▶ **Required work**
Skip the pictures and copy all the data that follows exactly.

▶ **Records to process**
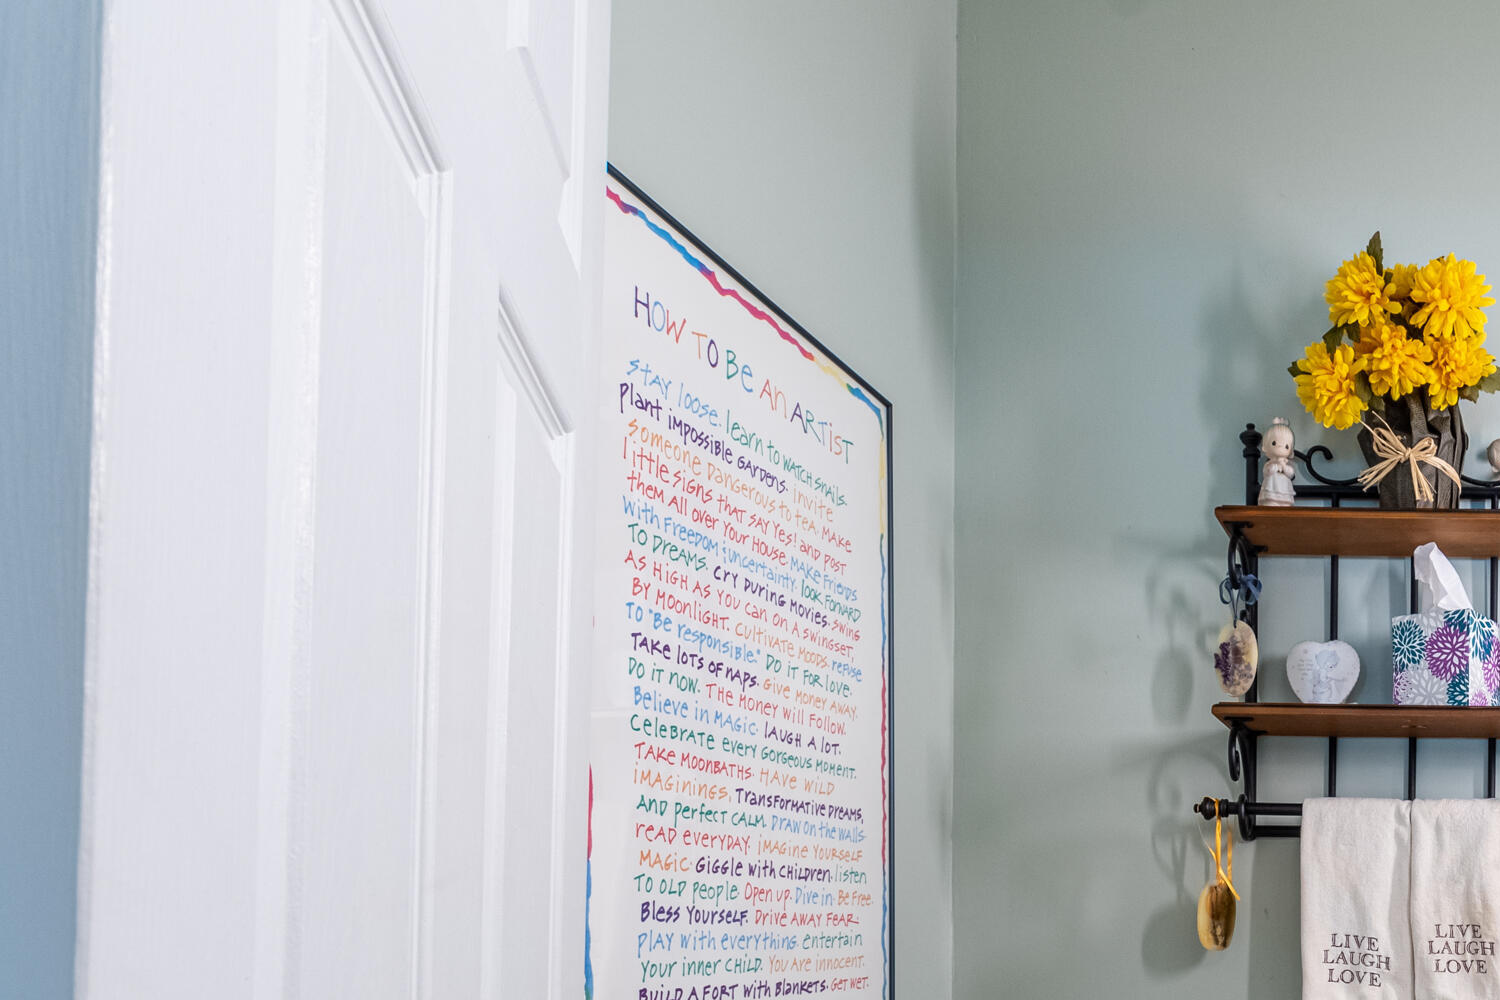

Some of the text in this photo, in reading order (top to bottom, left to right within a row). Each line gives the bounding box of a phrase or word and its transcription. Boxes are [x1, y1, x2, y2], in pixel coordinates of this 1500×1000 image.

[634, 285, 686, 344] HOW
[692, 330, 719, 368] TO
[807, 736, 817, 750] A
[1435, 924, 1482, 938] LIVE
[1331, 933, 1379, 951] LIVE
[1428, 940, 1495, 956] LAUGH
[1323, 949, 1390, 971] LAUGH
[1434, 959, 1487, 974] LOVE
[1328, 968, 1381, 987] LOVE
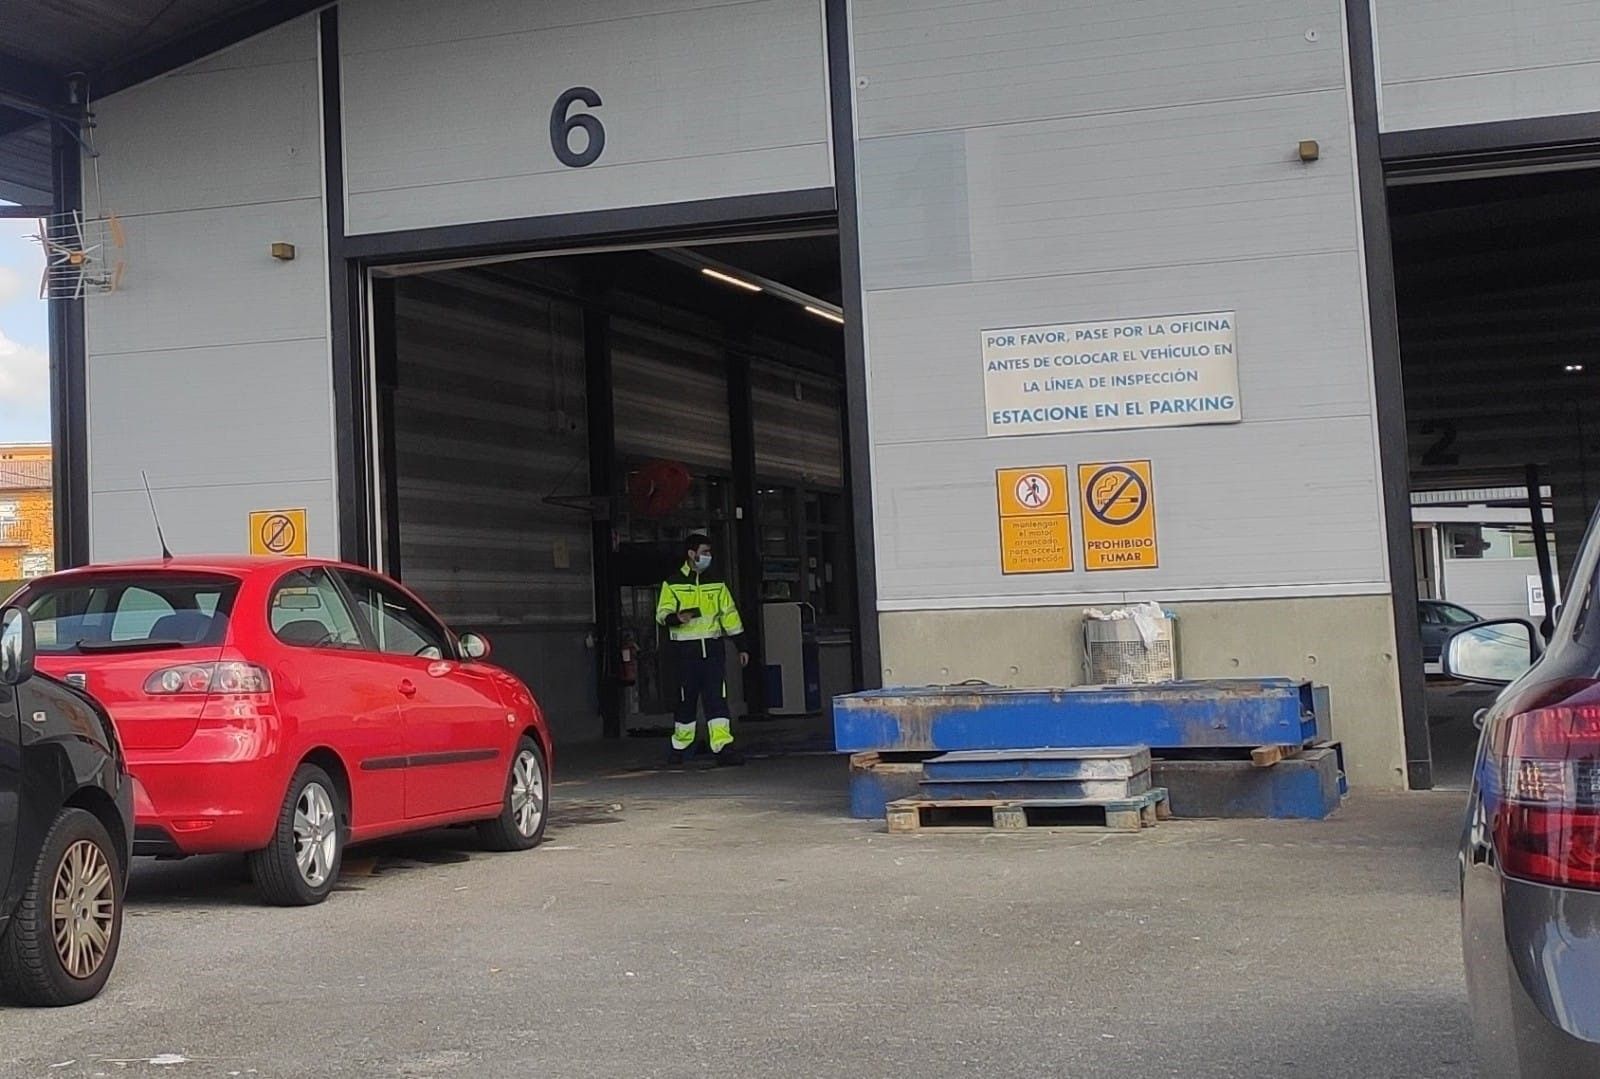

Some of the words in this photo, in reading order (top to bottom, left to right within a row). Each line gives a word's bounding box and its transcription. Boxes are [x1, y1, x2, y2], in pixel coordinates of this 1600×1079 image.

▶ **Solution to the problem**
Some of the text in this photo, in reading order (top to bottom, left to right within a row). Each line gives the bounding box of a phrase or word and its transcription. Boxes are [x1, y1, x2, y2], in pixel coordinates of this 1500×1000 image.

[634, 285, 686, 344] HOW
[692, 330, 719, 368] TO
[807, 736, 817, 750] A
[1435, 924, 1482, 938] LIVE
[1331, 933, 1379, 951] LIVE
[1428, 940, 1495, 956] LAUGH
[1323, 949, 1390, 971] LAUGH
[1434, 959, 1487, 974] LOVE
[1328, 968, 1381, 987] LOVE

Some of the words in this photo, in reading order (top to bottom, left to right within a row). Each line gives a word's bounding box and its transcription. Boxes are [x1, y1, x2, y2], in pixel coordinates of this 1600×1079 image.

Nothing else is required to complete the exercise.